Although general questions regarding the environmental, evolutionary, neural and genetic determinants of behaviours are shared within the community, the multiplicity of model organisms, hypotheses and paradigms has led to the existence of a very diverse palette of specific recording techniques. Some tools were developed, for instance, to continuously record simple behavioural features such as walking activity [10] and position [11] over long durations (days or weeks); to score more complex ones such as feeding [12,13], aggression [14] and courtship [15]; and to study the behaviour of multiple interacting animals [16–18]. Whilst most recording platforms are unrelated to each other, there are also some attempts to build general purpose tools that can be adapted by researchers to suit their specific goals [5,19–21]. However, when it comes to the subsequent analysis of the generated results, there is still no unified programmatic framework that could be used as a set of building blocks in a pipeline.
The fields of structural biology and bioinformatics are good examples of communities that have taken advantage of sharing standard files formats, modular command line tools [22] and software packages [23] that can be assembled into pipelines [24]. In these research areas, which are closely linked to data sciences and statistics, scripting interfaces are the standard since they help to deliver reproducible results [25,26]. In addition, they can be used on remote resources such as computer clusters, which makes them more scalable to the context of ‘big data’ [27]. Since many aspects of behaviour analysis are also becoming increasingly dependent on data sciences, the development of such common tools and data structures would be very valuable.
At first, it may seem as though behavioural experiments are prohibitively heterogeneous – in terms of model organisms, paradigm and timescale – for a similar community to arise. However, low-level conceptual consistencies and methodological challenges are shared across experiments. For instance, the results (i.e. the ‘data’) feature a set of long time series (sometimes multivariate and irregular), but also contain a formal description of the treatment applied to each individual, the ‘metadata’. Storing and accessing data and metadata efficiently involves the implementation of a nested data structure which, in principle, can be shared between acquisition platforms and experimental paradigms.

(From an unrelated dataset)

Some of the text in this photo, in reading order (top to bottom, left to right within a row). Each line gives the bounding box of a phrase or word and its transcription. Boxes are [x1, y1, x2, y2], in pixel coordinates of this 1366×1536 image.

Here, we describe the rethomics platform, an effort to promote the interaction between behavioural biologists and data scientists. rethomics is implemented as a collection of interconnected packages, offering solutions to importing, storing, manipulating and visualising large amounts of behavioural results. We also present two practical examples of its application to the analysis of behavioural rhythm in fruit flies, a widely studied subject.
Design and Implementation
rethomics is implemented in R [28] as a collection of packages (Fig 1). Such modular architecture follows the model of modern frameworks such as the tidyverse [29], which results in increased testability, maintainability and adaptability. In this model, each task of the analysis workflow (i.e. data import, manipulation and visualisation) is handled by a different package, and new ones can be designed to suit specific needs. At the core of rethomics lies the behavr table, a structure used to store large amounts of data (e.g. position and activity) and metadata (e.g. treatment and genotype) in a unique data.table-derived object [30]. Any input package will import experimental data as a behavr table which can, in turn, be analysed and visualised regardless of the original input platform. Numerical results and plots are standard objects that can, therefore, be further analysed inside the wide R package ecosystem.

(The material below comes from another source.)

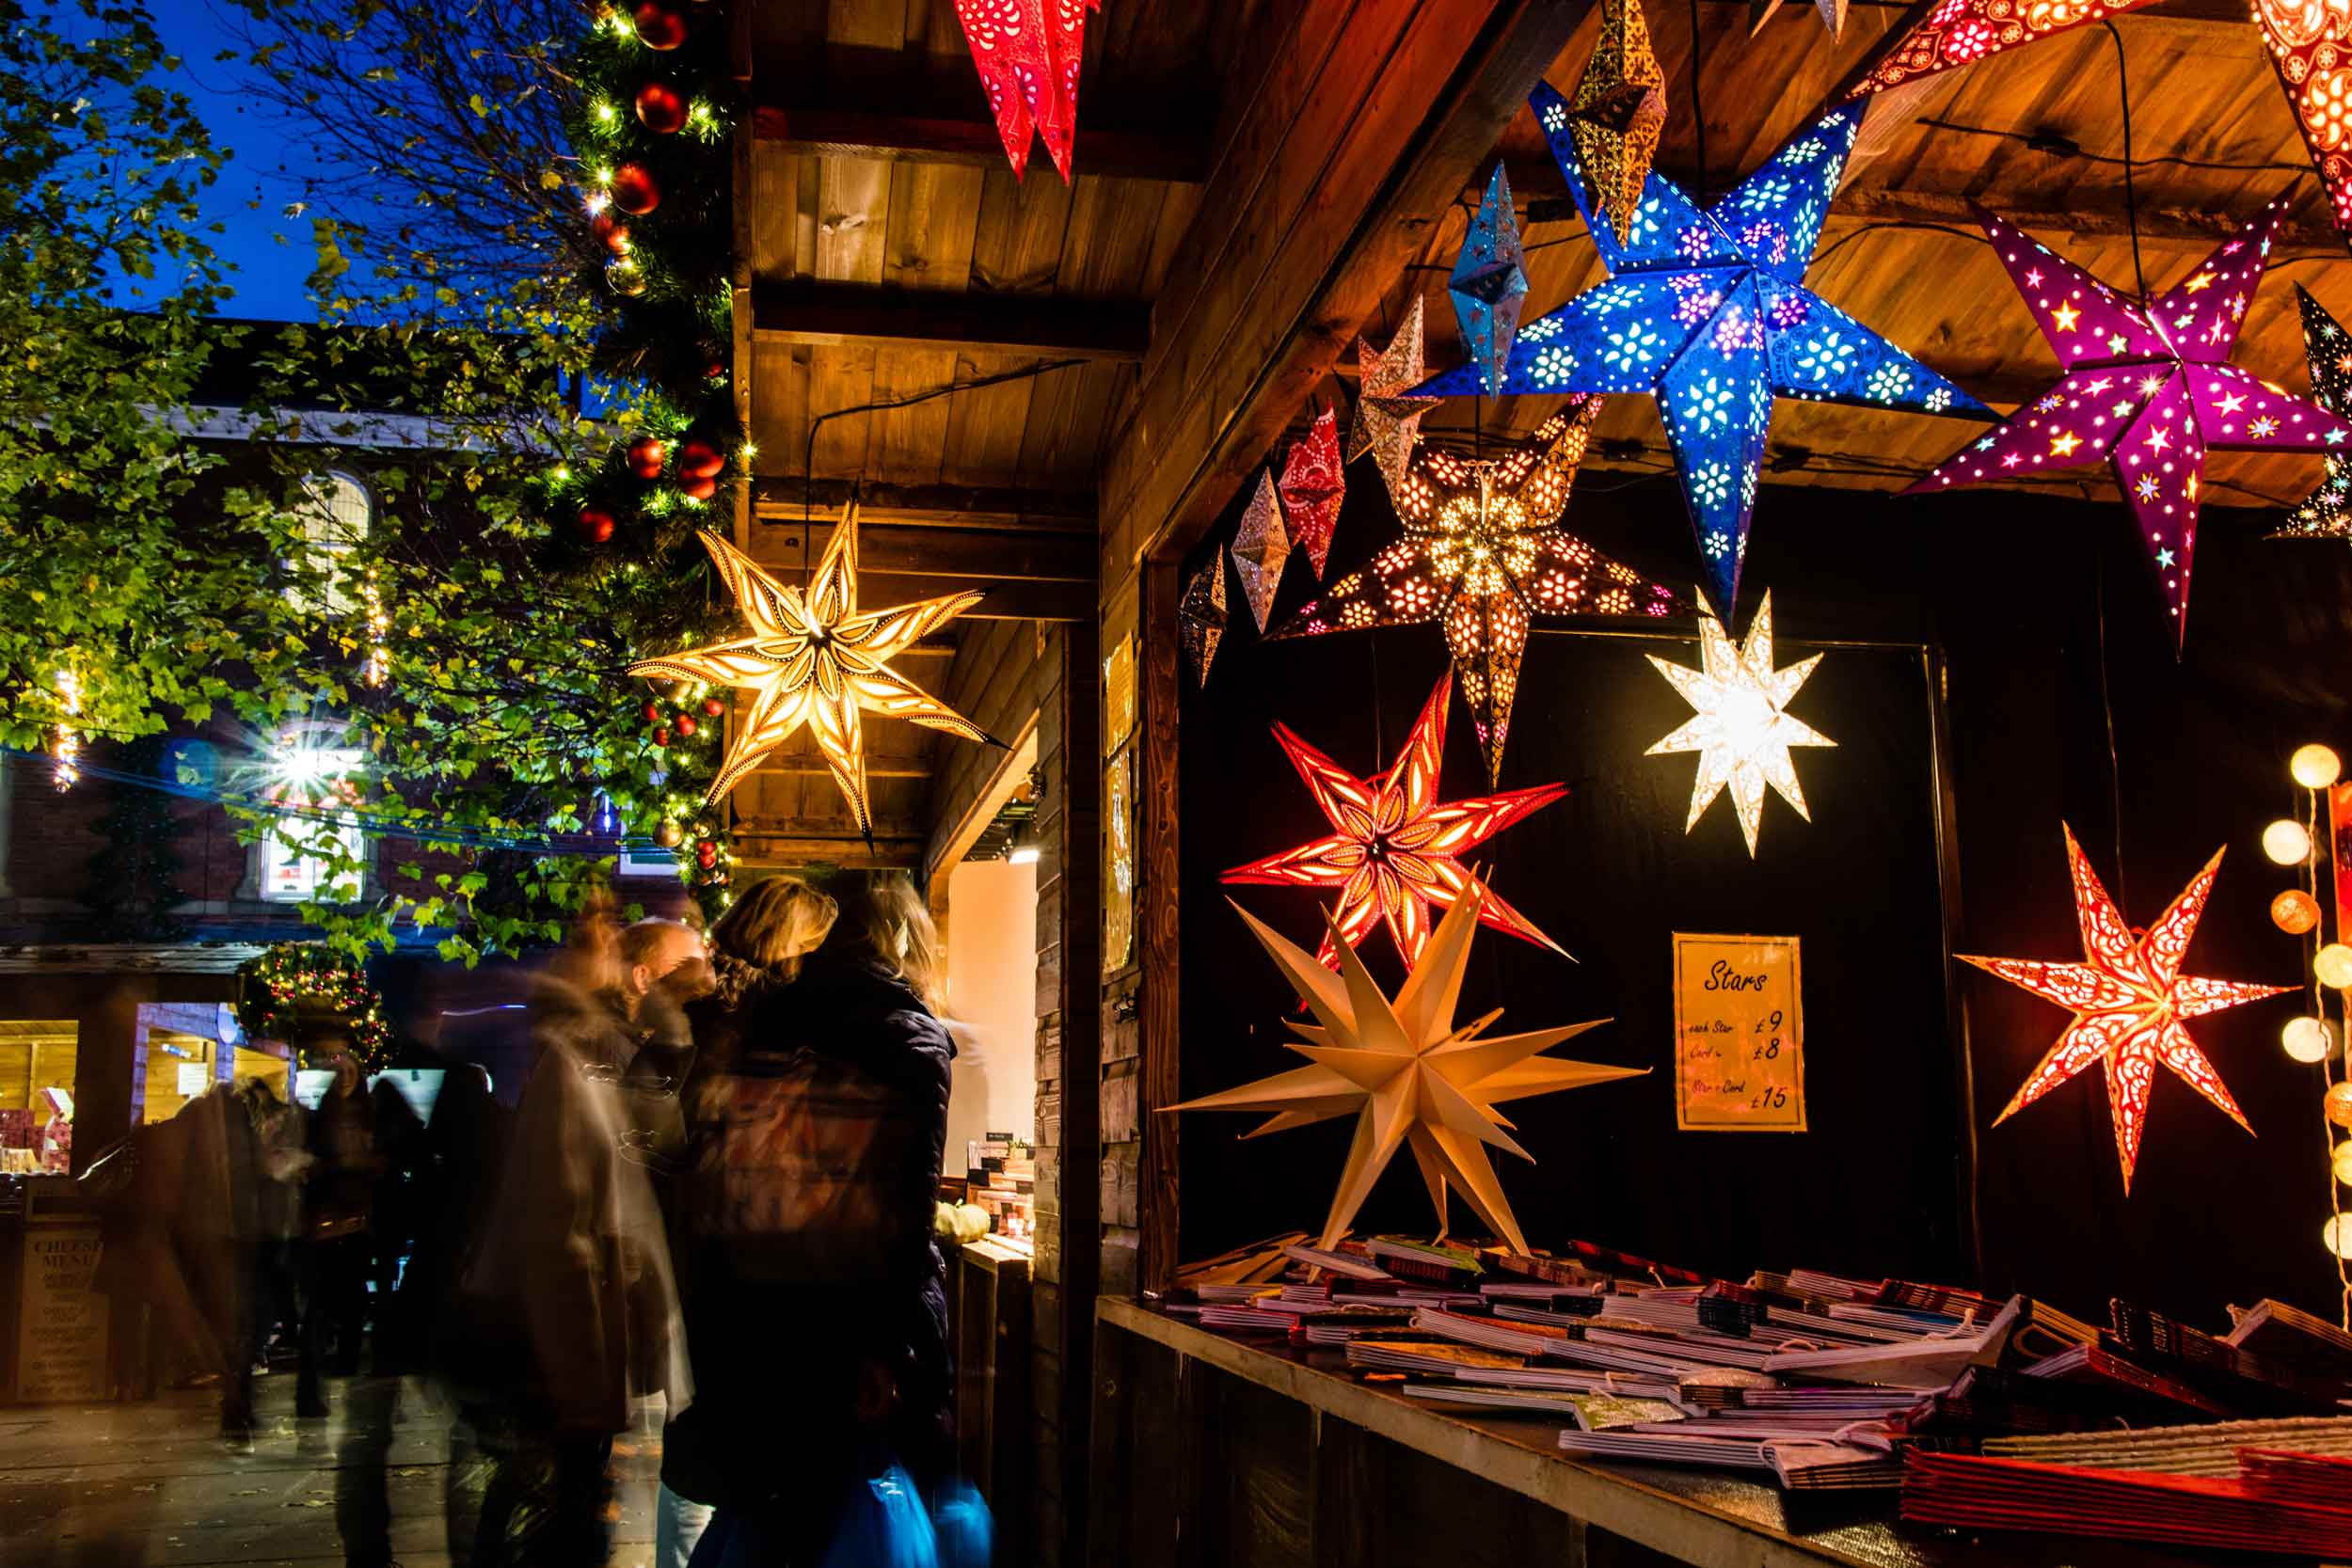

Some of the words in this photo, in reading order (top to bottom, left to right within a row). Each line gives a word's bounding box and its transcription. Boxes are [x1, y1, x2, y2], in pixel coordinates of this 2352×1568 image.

[1705, 959, 1767, 990] Stars
[1712, 1021, 1733, 1034] Star
[1751, 1086, 1788, 1109] £15

Diagram representing the interplay between, from left to right, the raw data, the rethomics packages (in blue) and the rest of the R ecosystem.
Internal data structure
Ethomics results can easily scale and data structure therefore gains from being computationally efficient – both in terms of memory footprint and processing speed. For instance, there could be very long time series, sampled several times per second, over multiple days, for each individual. In addition, time series can be multivariate – encoding coordinates, orientation, dimensions, activity, colour intensity and so on. Furthermore, experiments may feature a large number of individuals. Each individual is also associated with some metadata: a set of ‘metavariables’ that describe experimental conditions. For instance, metadata stores information regarding the date and location of the experiment, treatment, genotype, sex, post hoc observations and other arbitrary metavariables. A large set of metavariables is an important asset since they can later be treated as covariates.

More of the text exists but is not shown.